--- Required work ---
The records that follow must be transcribed exactly, each one in full.

[Supplied data]

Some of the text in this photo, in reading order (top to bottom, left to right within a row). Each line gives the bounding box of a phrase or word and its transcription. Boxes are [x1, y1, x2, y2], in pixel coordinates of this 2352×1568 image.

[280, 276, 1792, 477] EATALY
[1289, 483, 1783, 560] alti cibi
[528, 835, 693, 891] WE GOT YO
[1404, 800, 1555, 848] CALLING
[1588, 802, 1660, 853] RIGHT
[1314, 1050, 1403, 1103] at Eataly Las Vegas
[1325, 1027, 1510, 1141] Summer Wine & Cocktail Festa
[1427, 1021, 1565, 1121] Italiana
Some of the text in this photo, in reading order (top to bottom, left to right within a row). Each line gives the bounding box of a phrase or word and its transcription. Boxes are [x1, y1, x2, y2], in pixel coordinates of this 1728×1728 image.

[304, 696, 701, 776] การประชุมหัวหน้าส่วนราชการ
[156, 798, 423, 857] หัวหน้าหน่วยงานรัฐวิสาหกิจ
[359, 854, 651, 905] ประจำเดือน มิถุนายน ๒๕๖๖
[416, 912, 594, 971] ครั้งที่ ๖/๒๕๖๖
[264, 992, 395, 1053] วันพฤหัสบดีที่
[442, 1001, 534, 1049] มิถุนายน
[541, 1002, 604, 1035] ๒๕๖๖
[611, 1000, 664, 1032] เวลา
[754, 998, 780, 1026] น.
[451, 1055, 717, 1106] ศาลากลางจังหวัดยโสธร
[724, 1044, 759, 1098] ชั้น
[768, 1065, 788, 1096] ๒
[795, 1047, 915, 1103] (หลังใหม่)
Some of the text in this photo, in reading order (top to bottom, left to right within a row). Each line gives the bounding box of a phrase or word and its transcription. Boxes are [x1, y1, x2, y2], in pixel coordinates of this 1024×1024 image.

[/Supplied data]

--- Exercise solution ---
Some of the text in this photo, in reading order (top to bottom, left to right within a row). Each line gives the bounding box of a phrase or word and its transcription. Boxes are [x1, y1, x2, y2], in pixel coordinates of this 2352×1568 image.

[280, 276, 1792, 477] EATALY
[1289, 483, 1783, 560] alti cibi
[528, 835, 693, 891] WE GOT YO
[1404, 800, 1555, 848] CALLING
[1588, 802, 1660, 853] RIGHT
[1314, 1050, 1403, 1103] at Eataly Las Vegas
[1325, 1027, 1510, 1141] Summer Wine & Cocktail Festa
[1427, 1021, 1565, 1121] Italiana
Some of the text in this photo, in reading order (top to bottom, left to right within a row). Each line gives the bounding box of a phrase or word and its transcription. Boxes are [x1, y1, x2, y2], in pixel coordinates of this 1728×1728 image.

[304, 696, 701, 776] การประชุมหัวหน้าส่วนราชการ
[156, 798, 423, 857] หัวหน้าหน่วยงานรัฐวิสาหกิจ
[359, 854, 651, 905] ประจำเดือน มิถุนายน ๒๕๖๖
[416, 912, 594, 971] ครั้งที่ ๖/๒๕๖๖
[264, 992, 395, 1053] วันพฤหัสบดีที่
[442, 1001, 534, 1049] มิถุนายน
[541, 1002, 604, 1035] ๒๕๖๖
[611, 1000, 664, 1032] เวลา
[754, 998, 780, 1026] น.
[451, 1055, 717, 1106] ศาลากลางจังหวัดยโสธร
[724, 1044, 759, 1098] ชั้น
[768, 1065, 788, 1096] ๒
[795, 1047, 915, 1103] (หลังใหม่)
Some of the text in this photo, in reading order (top to bottom, left to right within a row). Each line gives the bounding box of a phrase or word and its transcription. Boxes are [x1, y1, x2, y2], in pixel coordinates of this 1024×1024 image.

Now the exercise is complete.